[Collected data]
==============================

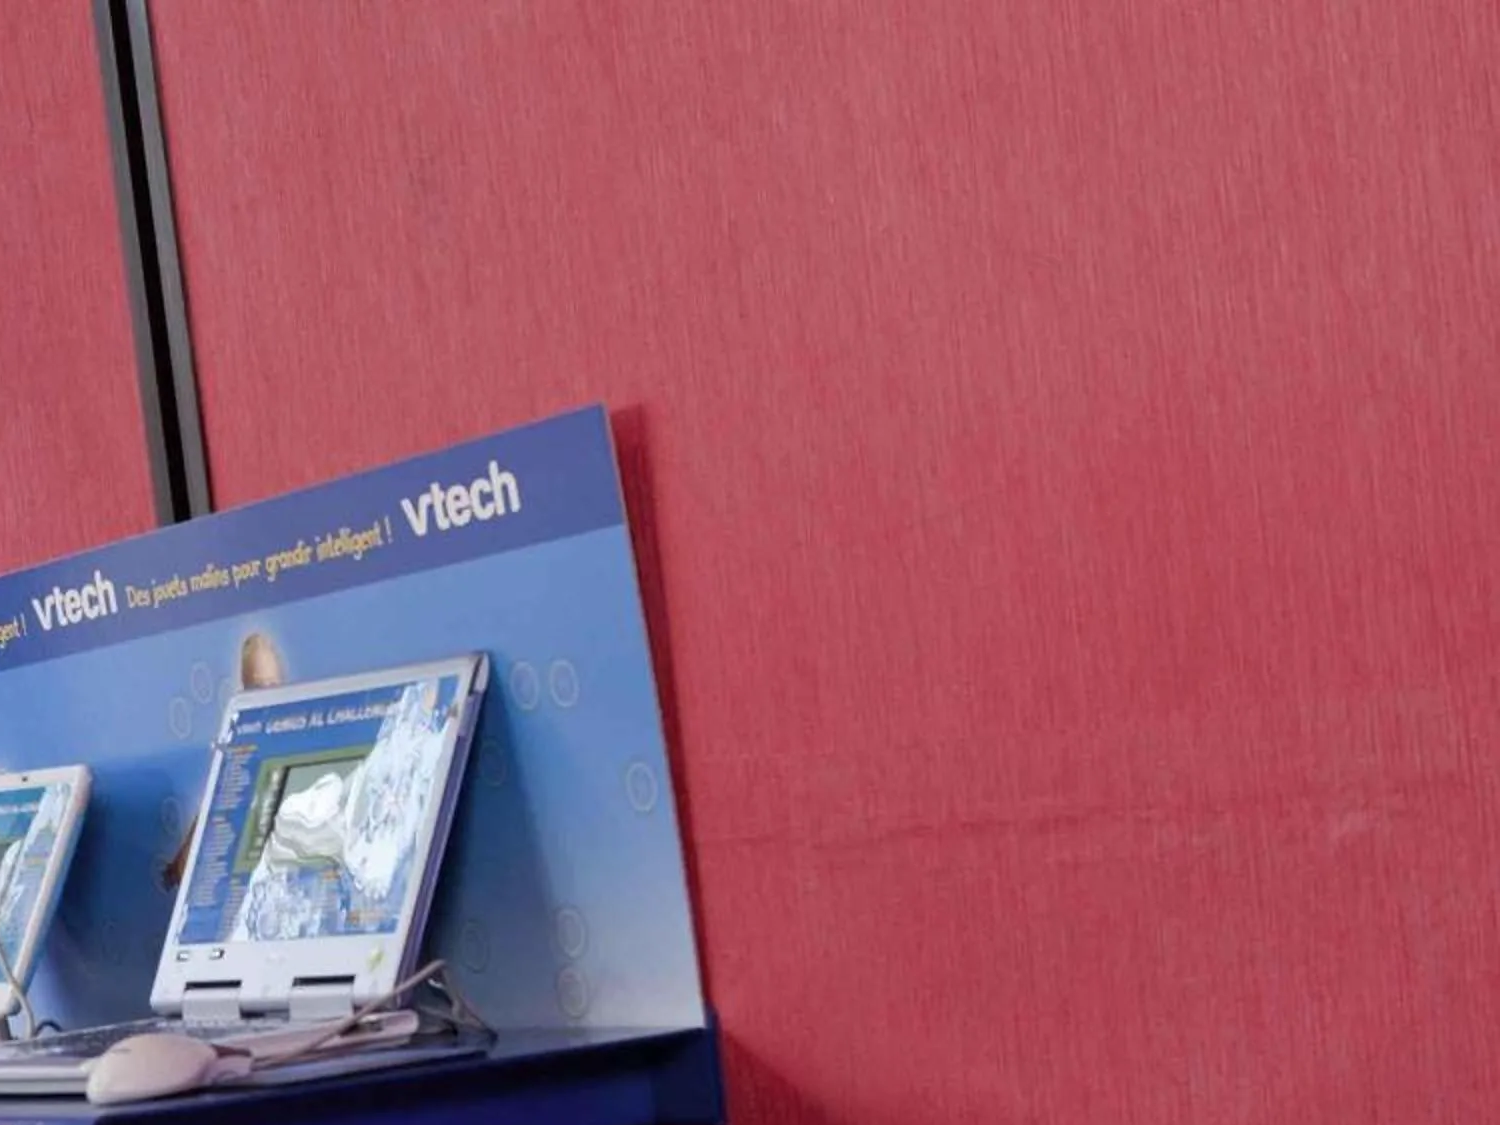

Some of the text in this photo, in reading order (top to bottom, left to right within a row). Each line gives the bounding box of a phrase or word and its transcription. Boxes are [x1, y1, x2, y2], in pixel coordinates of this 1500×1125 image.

[401, 459, 521, 538] vtech
[32, 569, 118, 632] vtech
[125, 585, 151, 609] Des
[151, 574, 189, 609] jouets
[233, 558, 262, 591] pour
[265, 540, 312, 583] grandir
[315, 522, 384, 562] intelligent
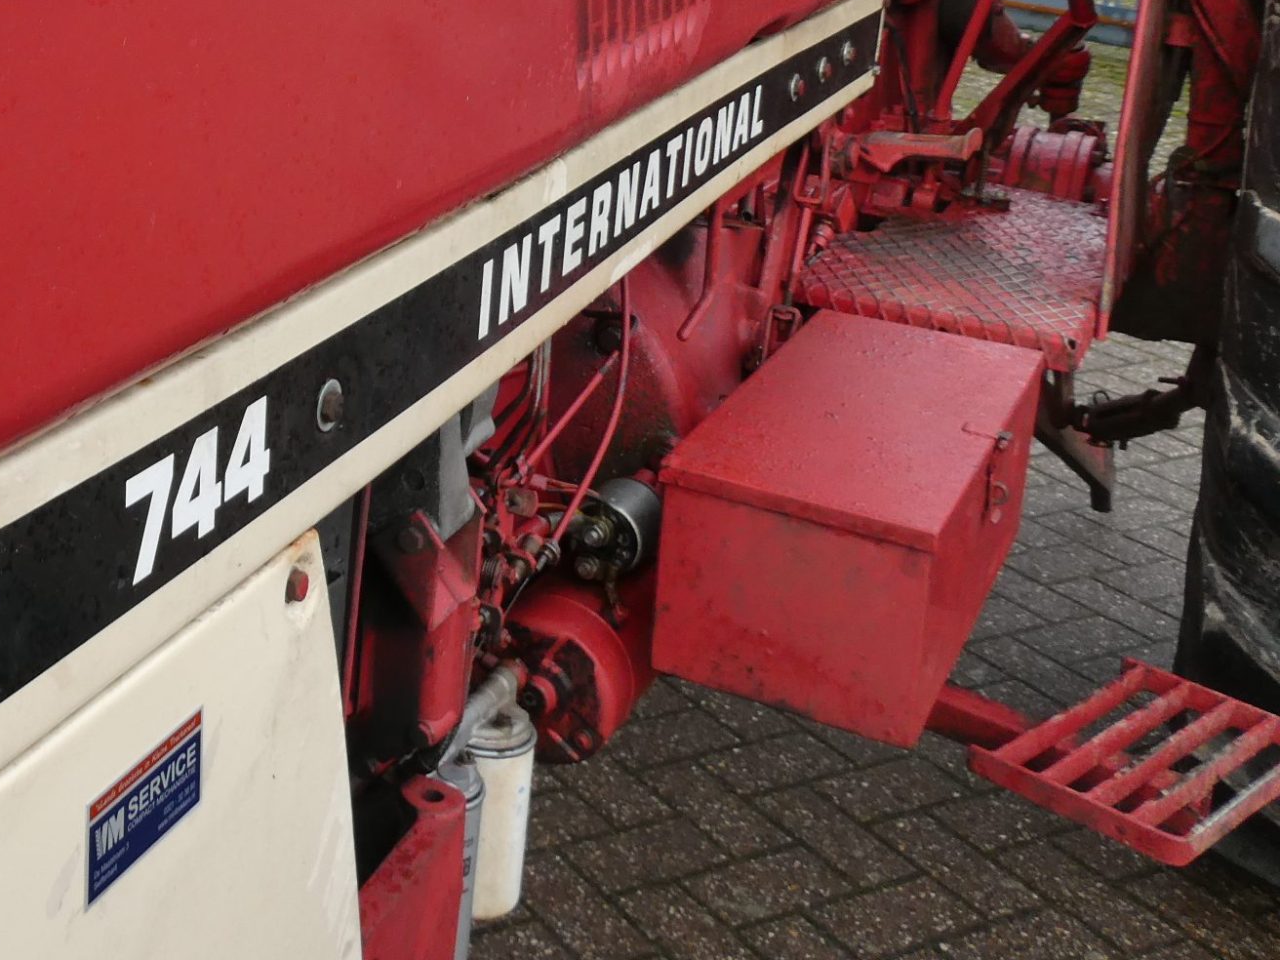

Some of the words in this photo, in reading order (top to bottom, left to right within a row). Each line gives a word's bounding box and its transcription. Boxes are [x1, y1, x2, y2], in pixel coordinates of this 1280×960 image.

[477, 84, 764, 341] INTERNATIONAL
[125, 395, 270, 587] 744
[127, 742, 197, 820] SERVICE
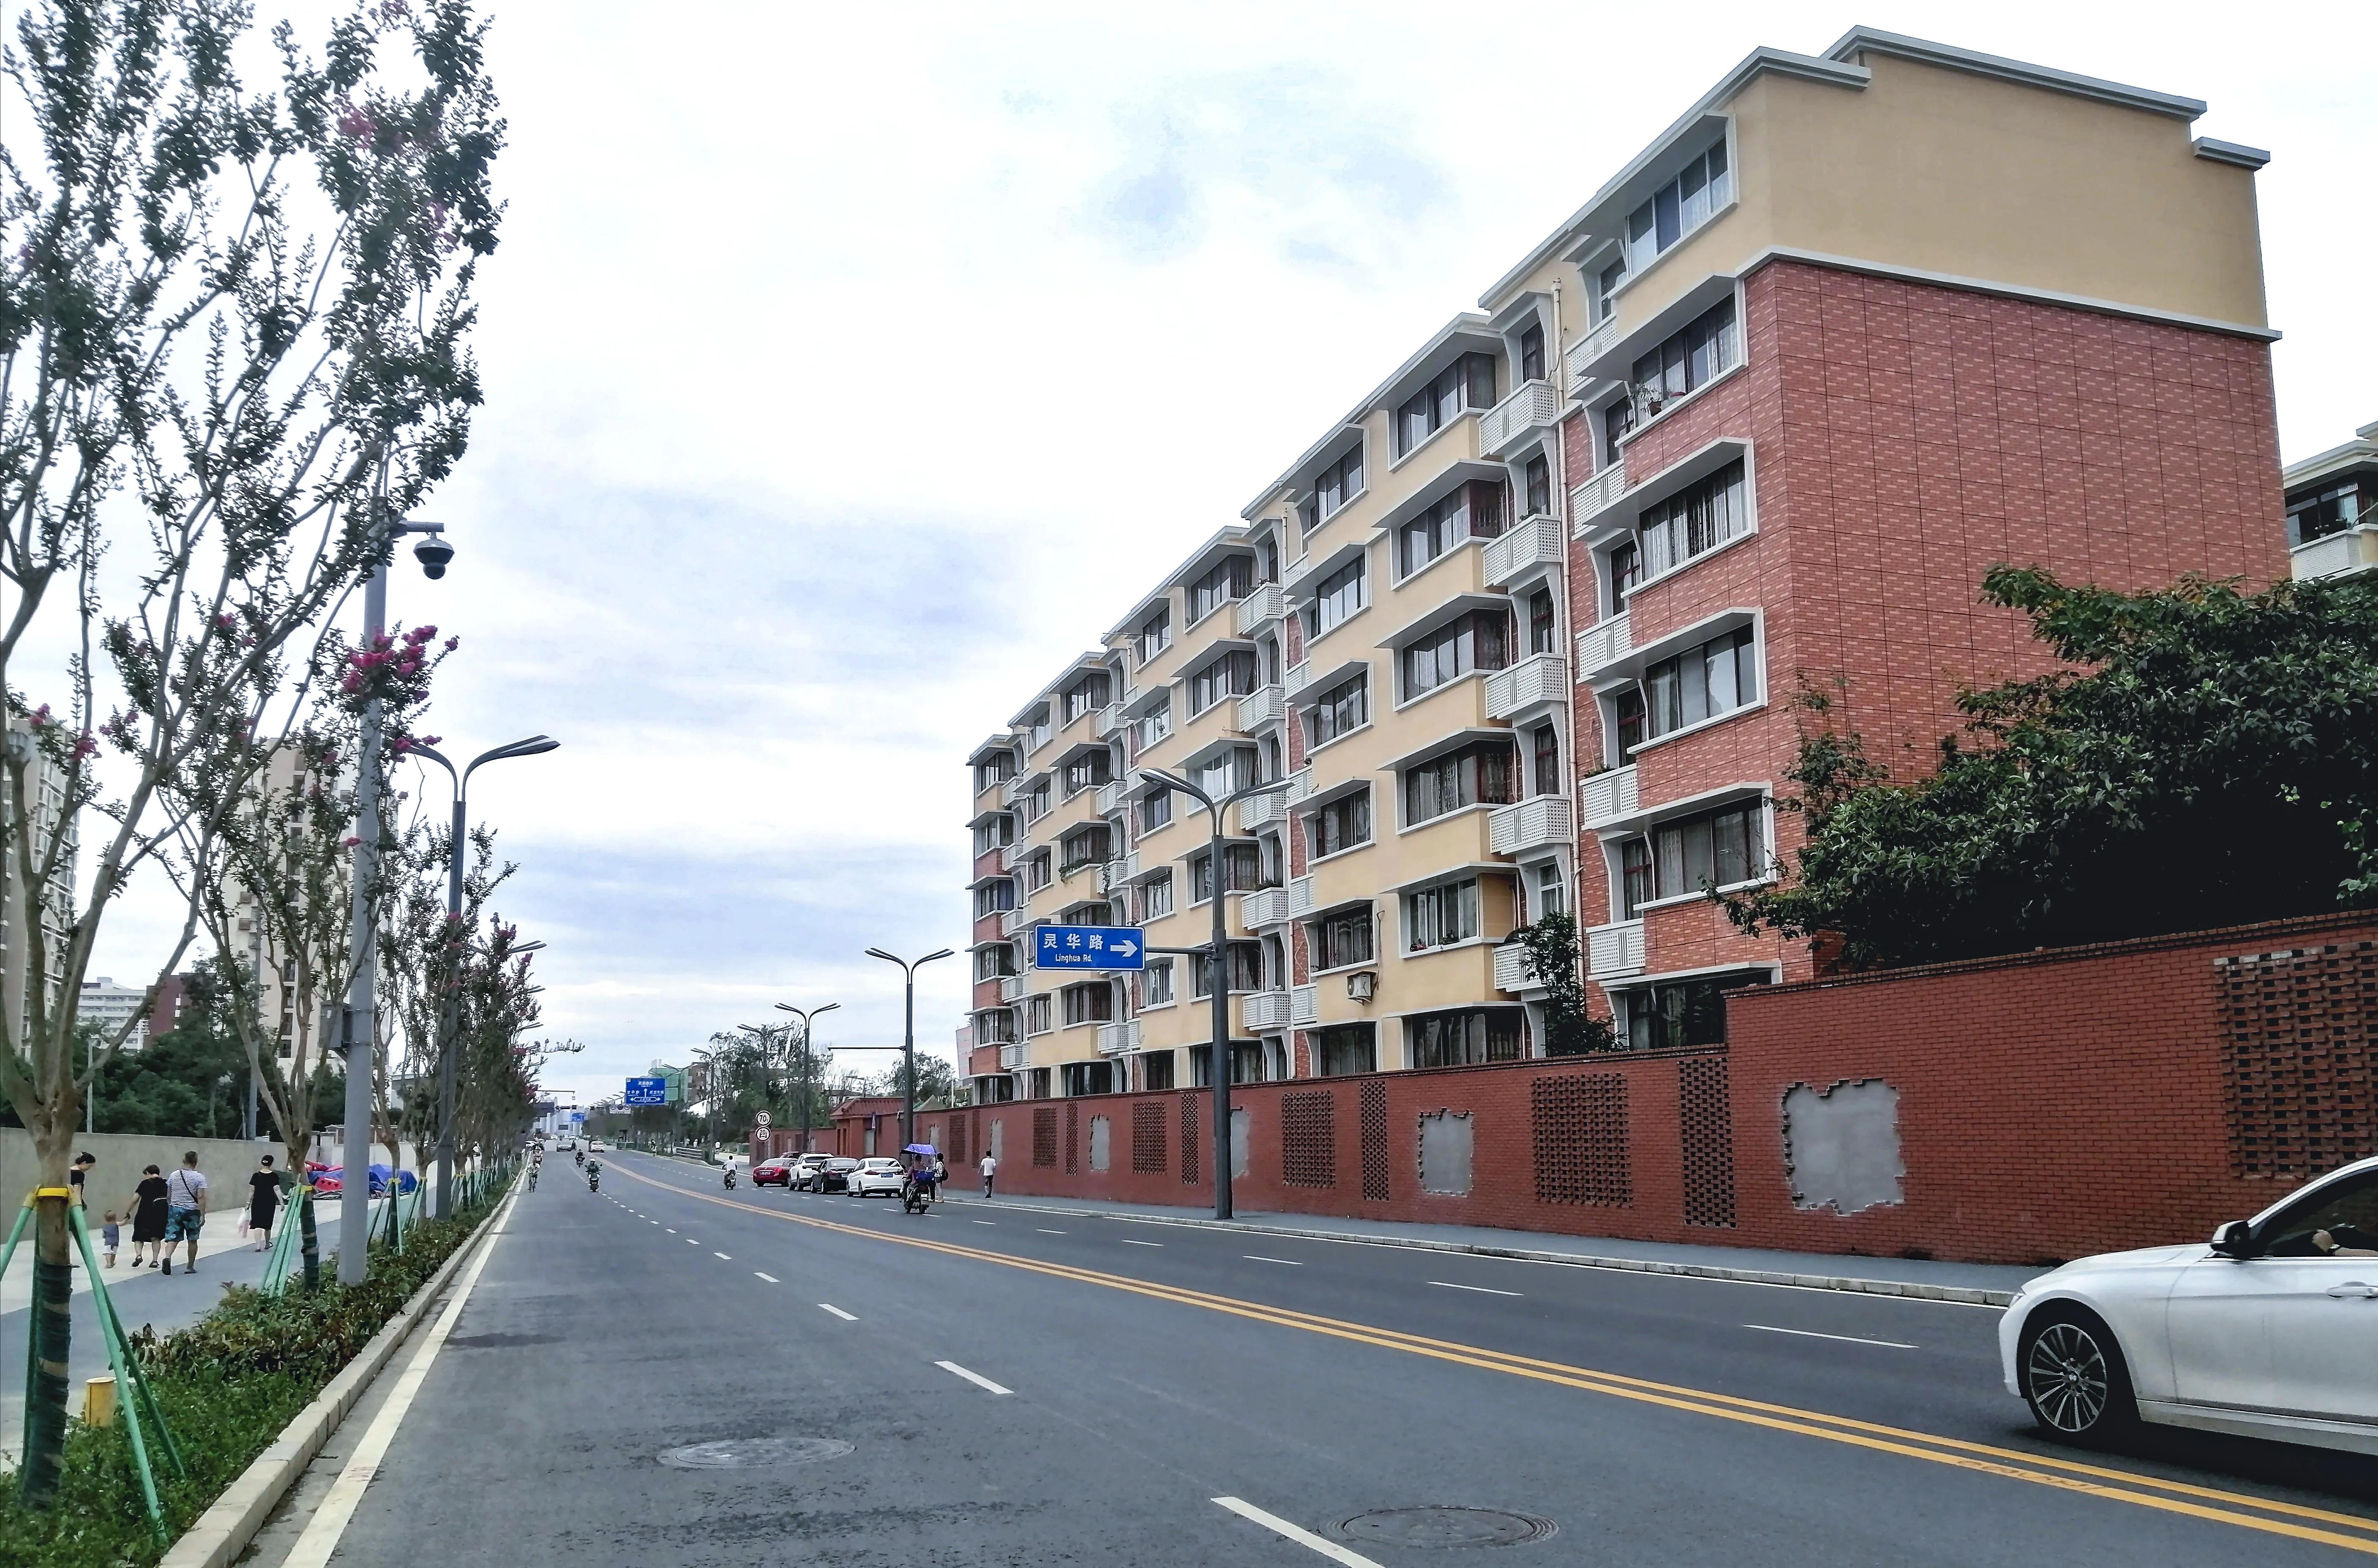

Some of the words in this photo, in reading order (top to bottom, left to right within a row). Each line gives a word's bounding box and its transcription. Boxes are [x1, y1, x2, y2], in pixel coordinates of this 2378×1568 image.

==============================

What the task asks: Without including any picture, repeat the data exactly.

Exercise result:
Some of the text in this photo, in reading order (top to bottom, left to right within a row). Each line gives the bounding box of a phrase or word and its transcription. Boxes are [x1, y1, x2, y2], in pixel coordinates of this 1500×1125 image.

[401, 459, 521, 538] vtech
[32, 569, 118, 632] vtech
[125, 585, 151, 609] Des
[151, 574, 189, 609] jouets
[233, 558, 262, 591] pour
[265, 540, 312, 583] grandir
[315, 522, 384, 562] intelligent

Some of the words in this photo, in reading order (top to bottom, left to right within a row). Each line gives a word's bounding box and its transcription. Boxes are [x1, y1, x2, y2], in pixel coordinates of this 1280×960 image.

[477, 84, 764, 341] INTERNATIONAL
[125, 395, 270, 587] 744
[127, 742, 197, 820] SERVICE

Some of the words in this photo, in reading order (top to bottom, left to right within a row). Each line gives a word's bounding box and its transcription. Boxes are [x1, y1, x2, y2], in pixel coordinates of this 2378×1568 image.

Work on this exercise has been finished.